Secondo me sì, ci ha permesso di salvare la faccia, ma mi rendo conto che si tratta di un’ipotesi molto cattiva.
Nell’Autoritratto che avete girato di recente per il Salone del Libro tu, ad un certo punto, dici che la tua più grande paura è la vita. Ti ricordi quando su Cuore, anni fa, uscivano le perifrasi (credo fossero di Paterlini) dove i pistolotti dei politici venivano tradotti in poche semplici parole? Prova a fare l’operazione contraria: traducimelo in prosa.
E’ abbastanza difficile: la vita è comunque un’incognita. Noi lavoriamo molto con l’improvvisazione. La vita è imprevedibile, non si sa mai dove va a parare. Tu puoi avere una tua volontà, una tua direzione, ma basta un inconveniente perché tutto si trasformi. Per questo la temo un po’, la vita.

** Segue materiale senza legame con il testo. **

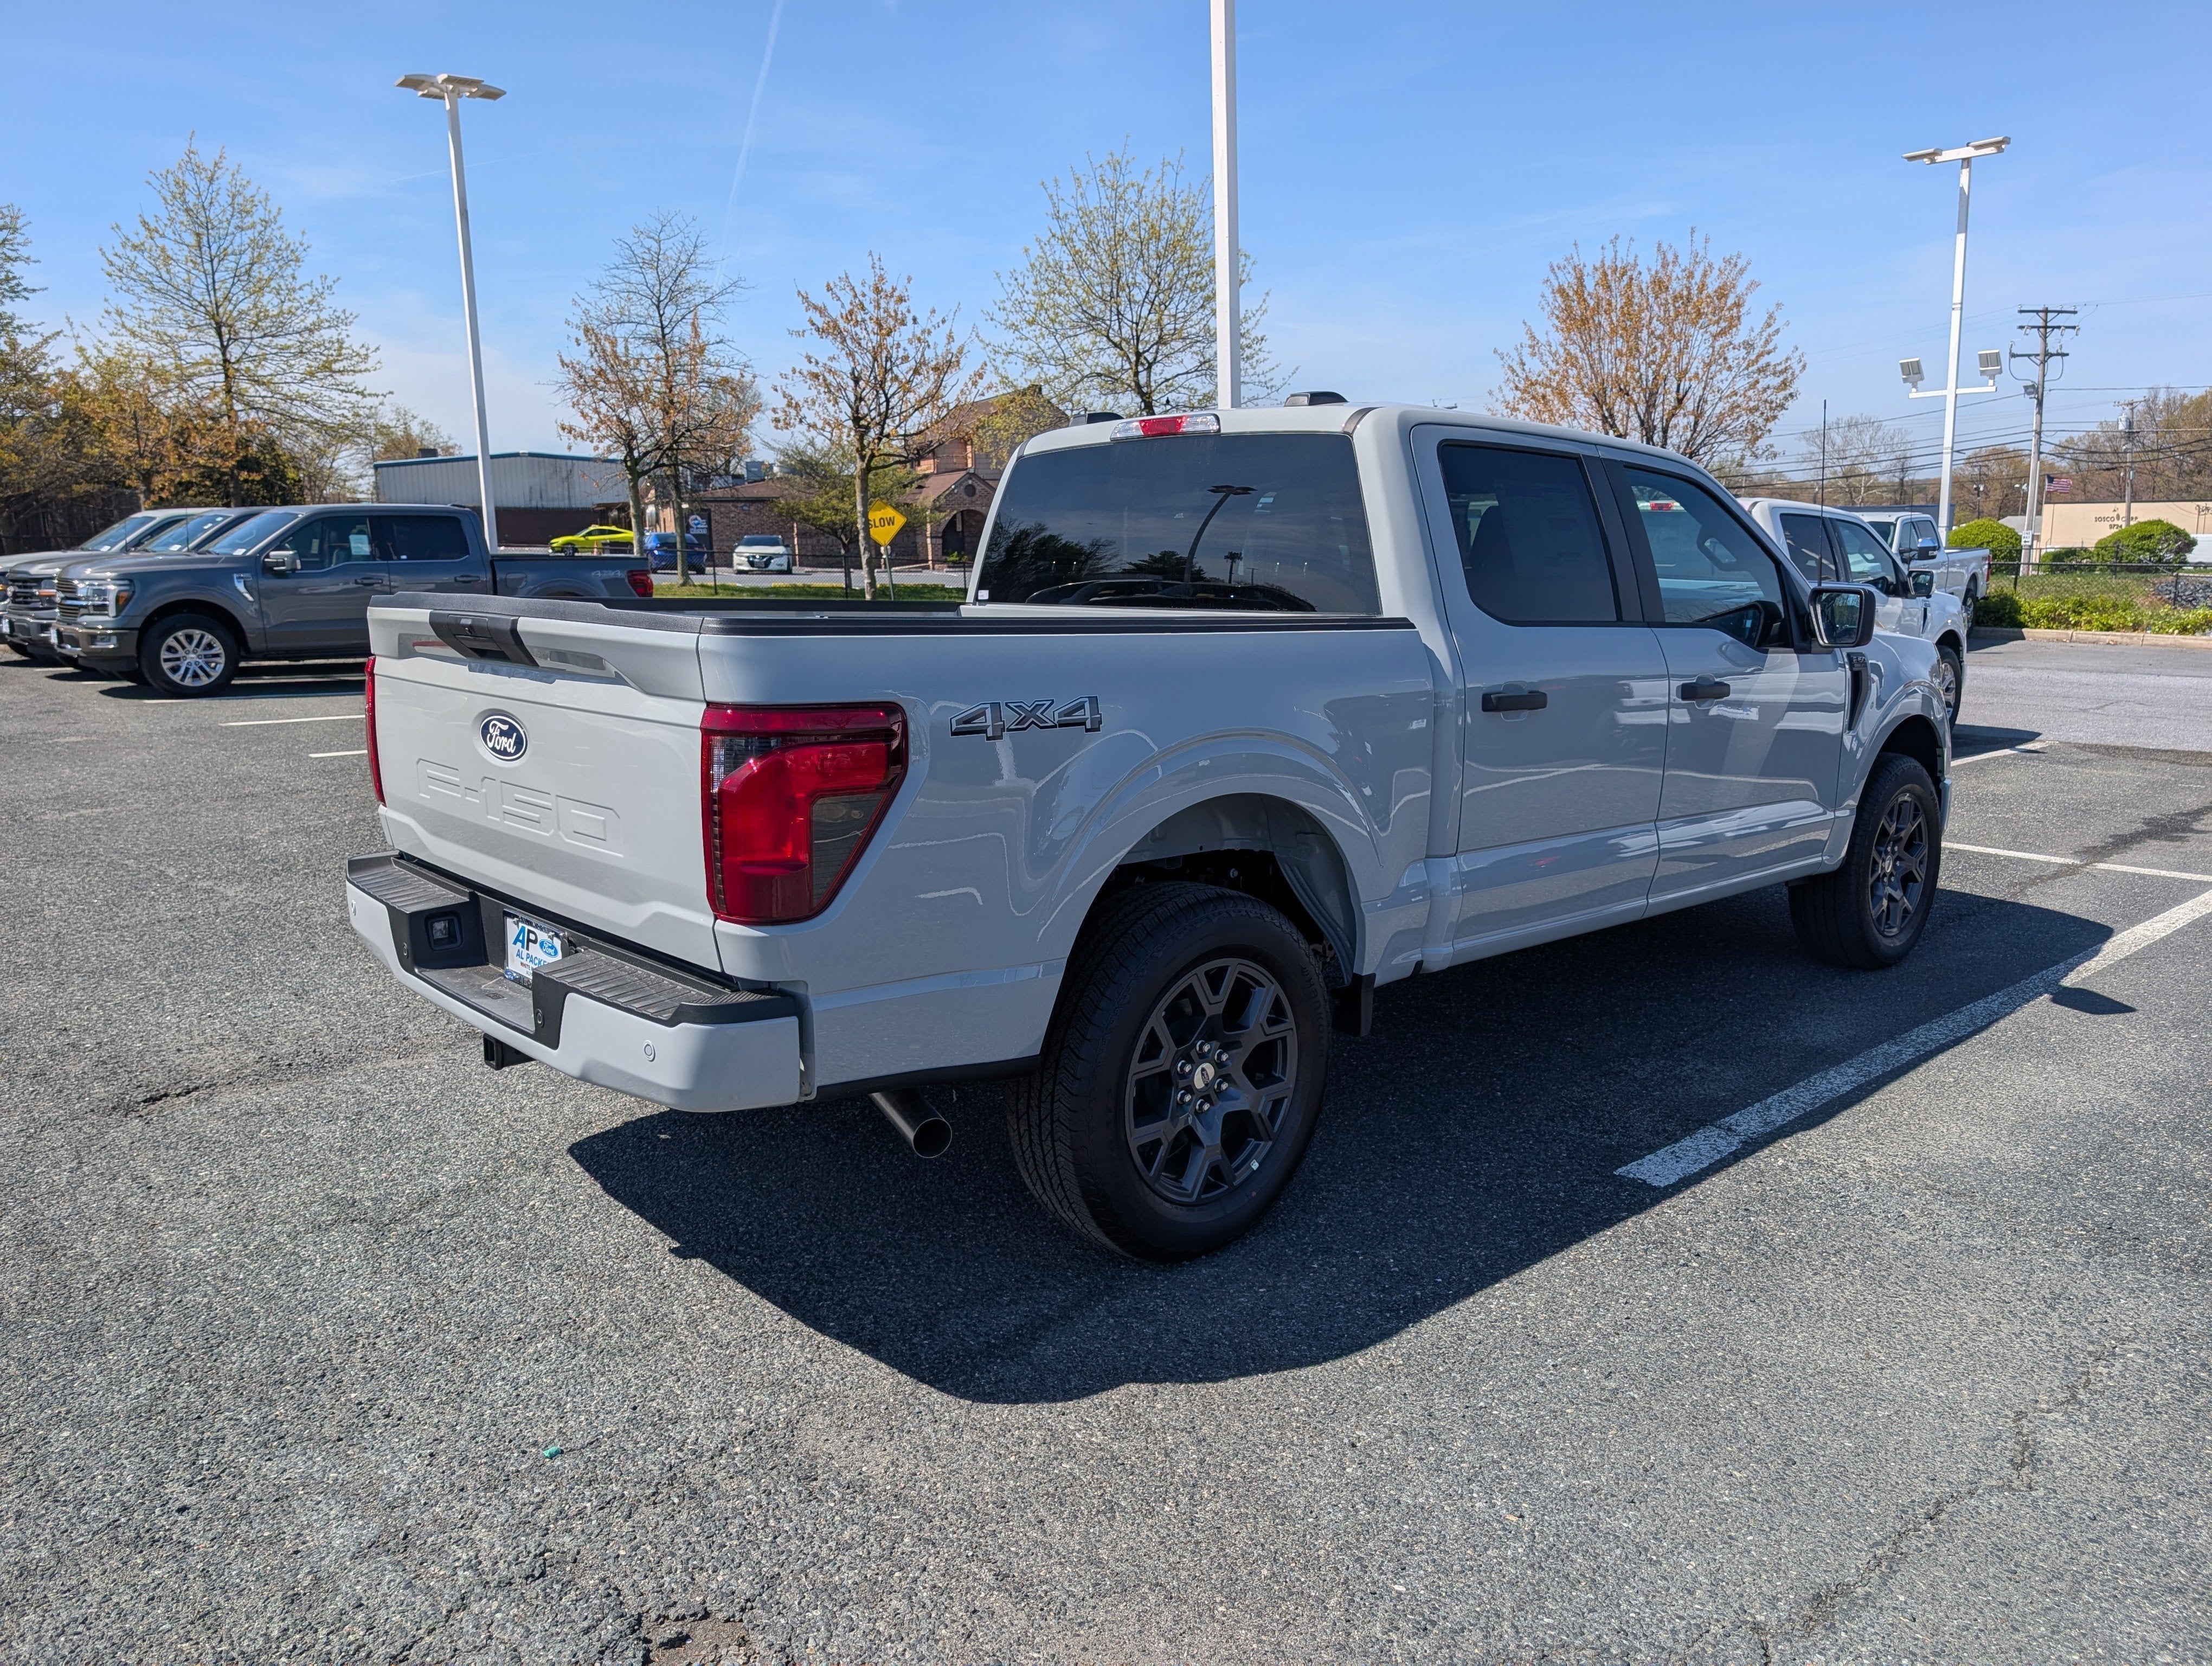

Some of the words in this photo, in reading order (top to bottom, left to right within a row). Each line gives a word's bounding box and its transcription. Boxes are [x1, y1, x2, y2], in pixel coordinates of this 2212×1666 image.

E allora più ansia che stupore, rispetto a quello che può succedere?
No, a tratti sei stupito di una cosa bellissima, in altri momenti magari non è così. Il confine tra bello e brutto è estremamente labile, l’uomo vive una condizione illusoria. Anche questo slogan, “Andrà tutto bene”: ma che ne sai?
Ha attecchito molto, credo, perché è assolutamente comune e diffusa la paura profonda di confrontarsi con l’ineluttabile, con la paura della morte.

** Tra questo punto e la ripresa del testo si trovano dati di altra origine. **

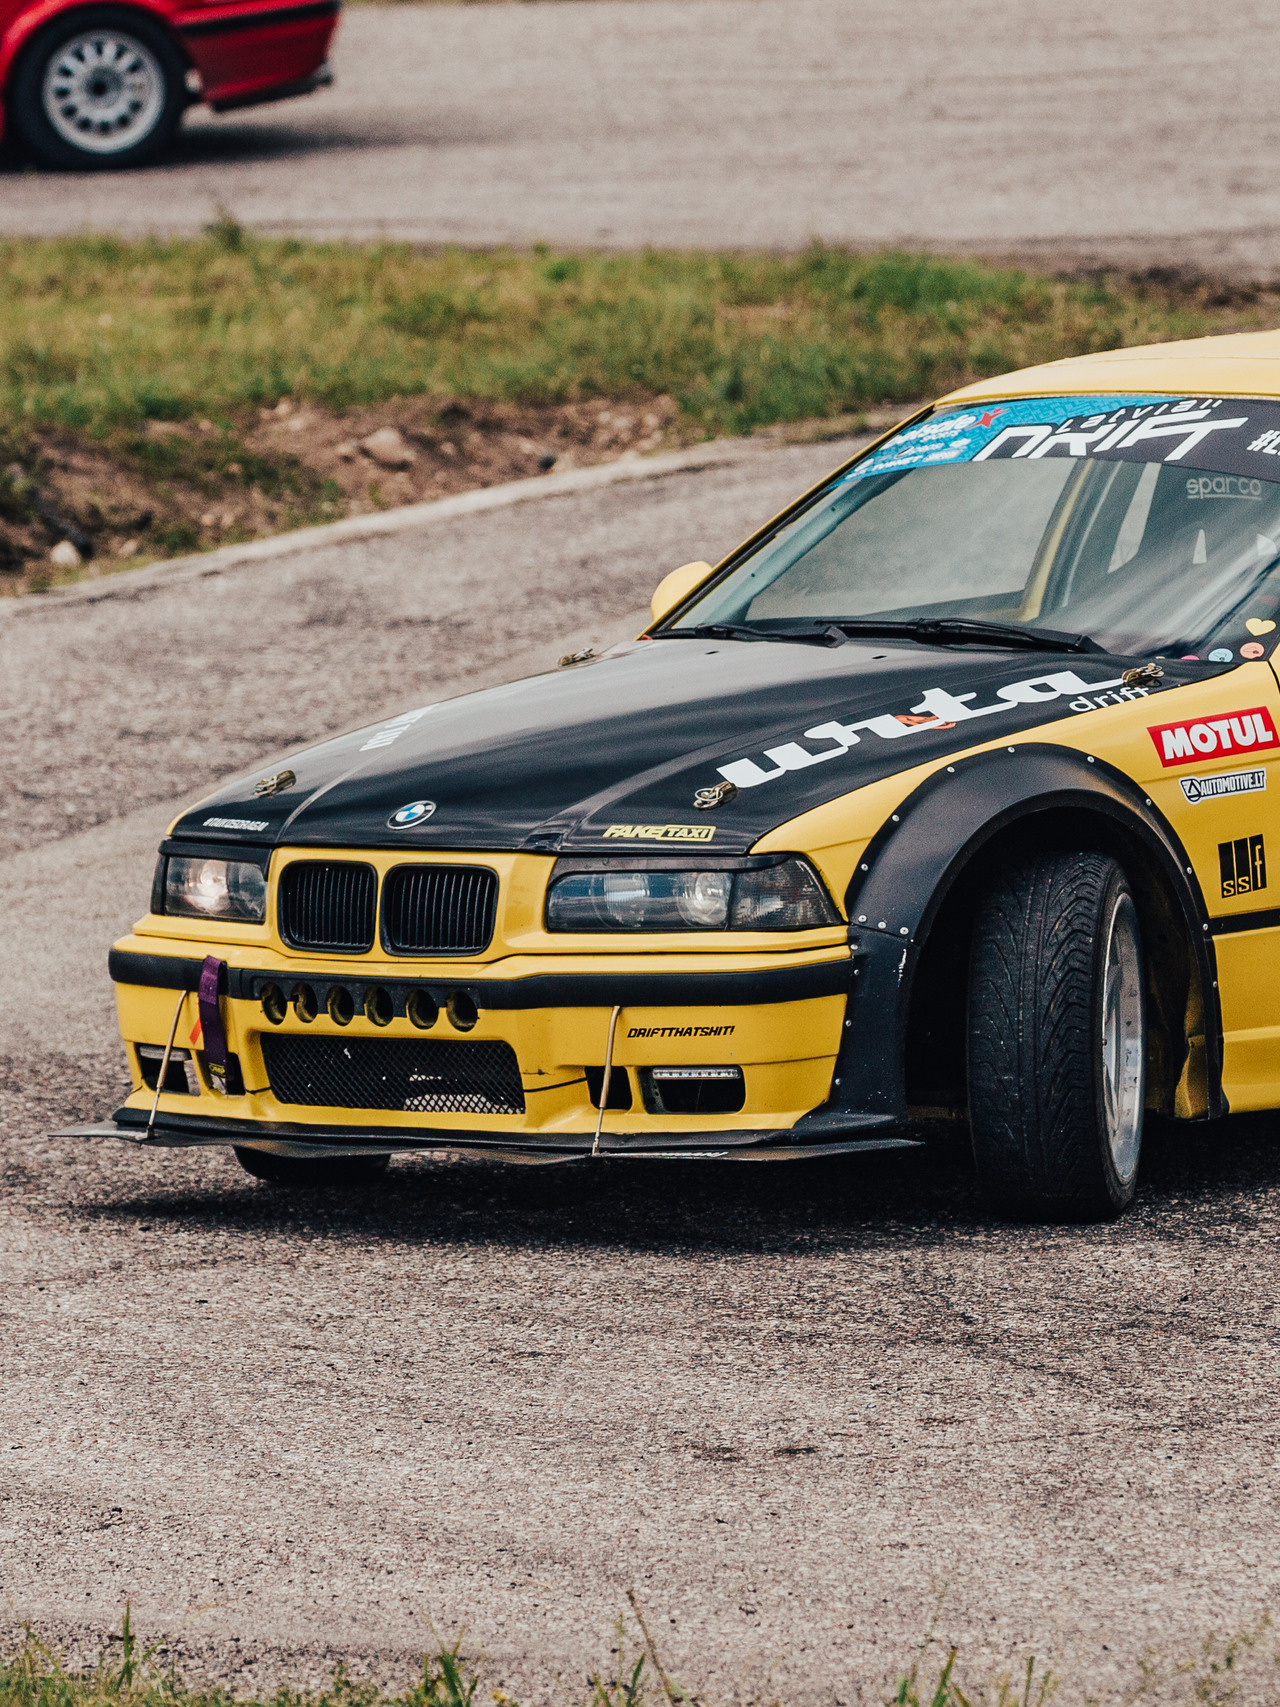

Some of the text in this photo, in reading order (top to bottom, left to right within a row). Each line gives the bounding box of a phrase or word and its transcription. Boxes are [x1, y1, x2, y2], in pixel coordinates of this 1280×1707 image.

[971, 409, 1249, 462] DRIFT
[1185, 476, 1262, 499] sparco
[1069, 687, 1149, 712] drift
[1161, 712, 1273, 760] MOTUL
[627, 1025, 735, 1039] DRIFTTHATSHIT!

Esatto, anche questo rivela la paura inconscia della vita che abbiamo tutti. Nel nostro sistema capitalistico la vita, secondo i canoni artificiali, non è più imprevedibile.
Altrimenti il rischio è di non essere più un bravo consumatore.
Certo.
Sempre nell’Autoritratto, dici che temi di perdere la fantasia. Tu come fai a tenere l’interruttore sempre acceso?

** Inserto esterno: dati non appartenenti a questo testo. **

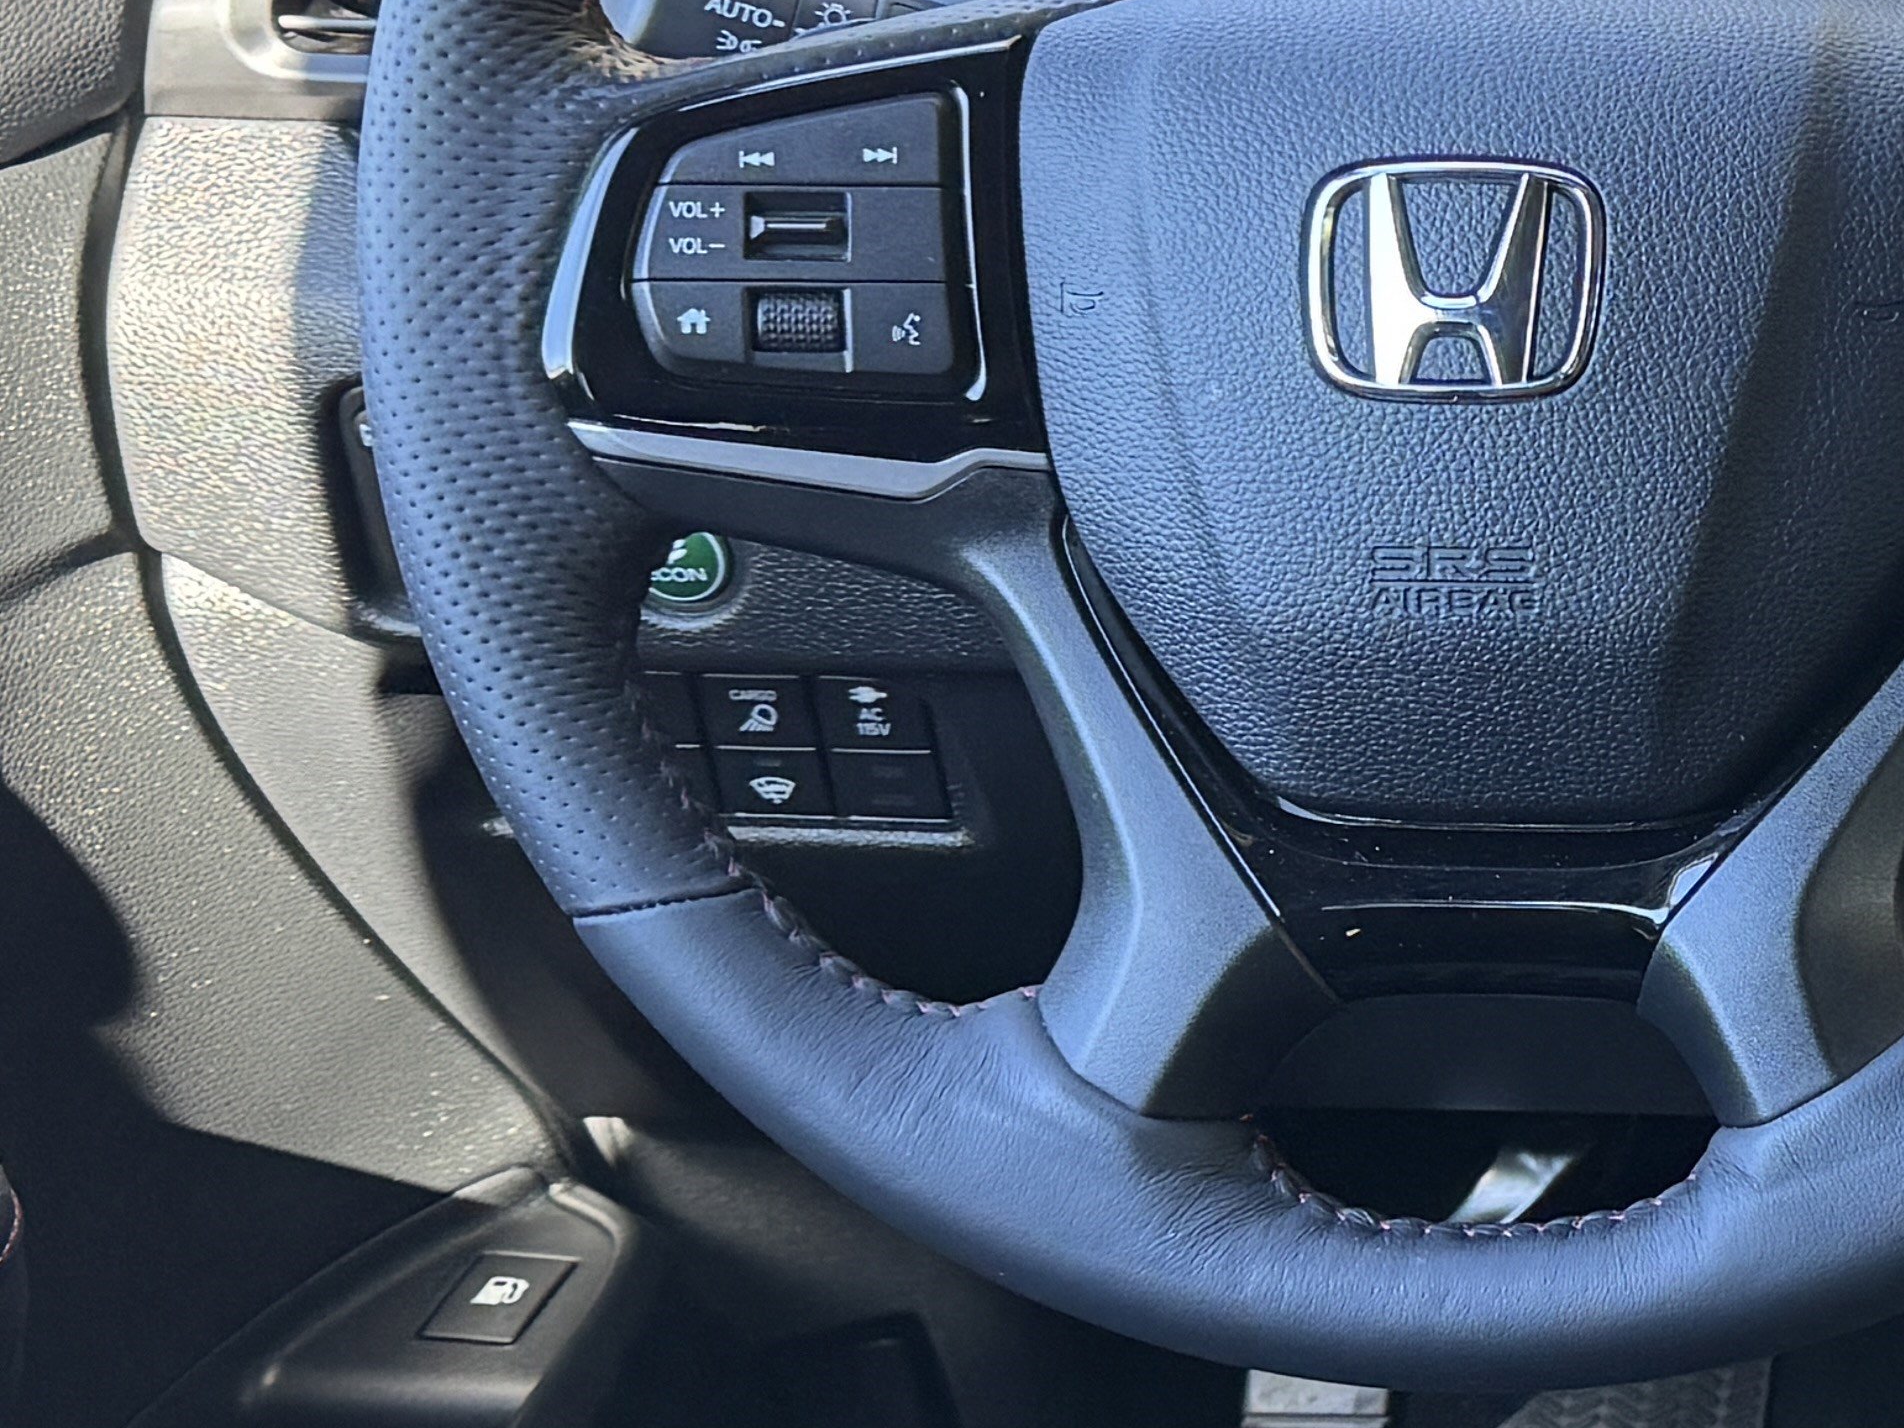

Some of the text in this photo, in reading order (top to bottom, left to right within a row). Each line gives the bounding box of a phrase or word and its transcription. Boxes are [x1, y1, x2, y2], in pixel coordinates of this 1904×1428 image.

[1369, 544, 1535, 580] SRS
[1371, 586, 1544, 615] AIRBAG
[858, 708, 884, 722] AC
[857, 722, 891, 736] 115V

Non c’è un metodo generico. Io vivo un po’ alla giornata, non faccio programmi, vivo come viene. Questo vivere spontaneamente il momento ti porta a vivere come se fosse sempre la prima volta. Sono molto distratta, quindi dimentico tante cose, soprattutto la difficoltà, la fatica per arrivare ad una idea, e tutte le volte mi butto incosciente, faccio un po’ tabula rasa, come Kandinskij: attraverso la cancellazione, non dei sentimenti, ma dell’esperienza creativa, si raggiungono nuove frontiere.
Non conservi memoria di quello da cui sei già passata?
Conservo la memoria del corpo, del fare, quella tecnica, mentre la parte organizzativo-fantastica vaga sempre, in una sorta di nuvola, di vuoto, dove nulla attecchisce, perché altrimenti si trasforma in manierismo.
Che, secondo te, è una cosa da rifuggire, perché poi diventa professionismo.
Inteso come è adesso, monotematico: quando si fanno le cose, tutti arrivano solo con un pezzo, nessuno ha padronanza totale di quello che si fa, ed invece questa è fondamentale, per dare un risultato. Il professionismo però certe volte si avvale di figure e metodi tecnici che vanno a sopperire magari proprio alla mancanza di fantasia del momento.
Sostieni che è fondamentale mescolare le discipline. Come il tuo percorso…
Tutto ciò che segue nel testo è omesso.